Sombras de Silêncio #260

Bilinho também não estava agradado com o que ia escutando e ao fim de cinco copos fartou-se da atitude jocosa dos Pintassilgos. Disse então para o companheiro que era tempo de regressarem a casa. No final, e como fez questão de salientar, seria ele a ajudar Miguel, enquanto os ajuizados riam das misérias alheias. Miguel ficou agradado com a decisão. Bilinho recusou depois a boleia que os Pintassilgos insistiam em prestar e levantou-se para sair. Como o vinho tende a fazer esquecer tudo aquilo que não se quer lembrar, o taberneiro acenou-lhe com uma conta de cinquenta escudos. Bilinho enfiou a mão num dos bolsos do casaco, retirou algumas moedas e colocou-as sobre balcão. Porém, o taberneiro respondeu que ainda faltavam «dez mil réis». Bilinho procurou então nos outros bolsos, mas apenas encontrou algumas palhas de centeio, grãos de milho e ossos de uma asa de galinha. Prometeu depois que pagaria o resto no dia seguinte. Como Bilinho tinha alguma tendência para acumular dívidas e olvidá-las, o taberneiro garantira-lhe, há cerca de um mês, que a próxima dívida seria a última. Ao ver o taberneiro erguer a moca que tinha por detrás do balcão, Bilinho deu dois passos trás e abandonou a letargia da embriaguez.

O imbróglio acabou por resvalar para uma ameaça séria, que apenas foi resolvida quando Miguel se intrometeu e colocou algumas notas sobre o balcão. Surgiram então algumas dúvidas sobre como estaria o câmbio, mas o taberneiro tomou a primazia de realizar os cálculos. Amenizou depois a consciência com um copo de vinho, desculpando-se com a ideia de que Deus tinha inventado o dinheiro para o governo dos espertos.

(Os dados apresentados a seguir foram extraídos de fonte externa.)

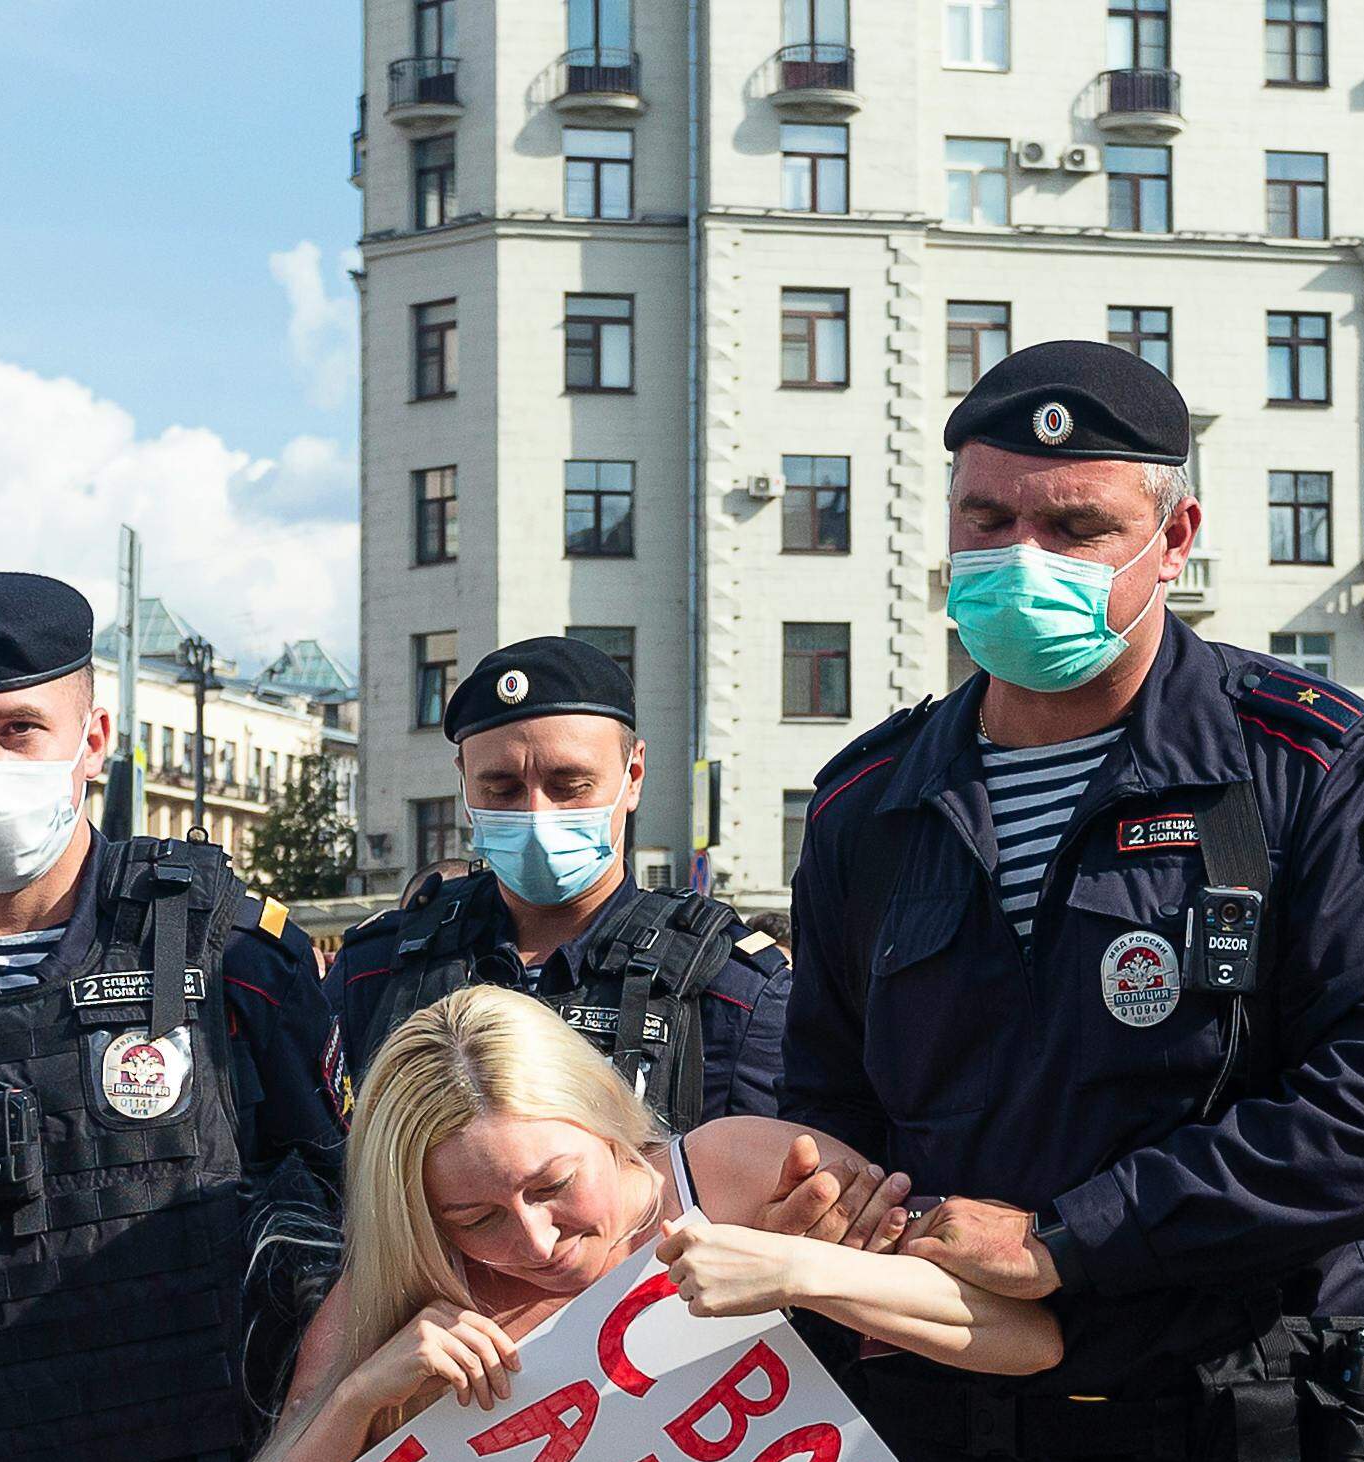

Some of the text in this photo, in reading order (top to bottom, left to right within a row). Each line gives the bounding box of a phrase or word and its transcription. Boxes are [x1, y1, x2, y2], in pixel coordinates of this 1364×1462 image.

Para além dos serviços de coveiro, Bilinho fazia também algum trabalho como cantoneiro e recebia em troca uma casa para morar e alguns tostões que o presidente da Câmara lhe dispensava ocasionalmente, de acordo com o pouco dinheiro que sobrava das outras despesas. Porém, Bilinho estava há algum tempo sem receber.

Os dois saíram depois da taberna e iniciaram o regresso a casa. Bilinho estava muito agradecido e prometeu devolver-lhe o dinheiro logo que fosse possível, mas Miguel considerou a dívida saldada pela oportunidade de ter um teto para dormir.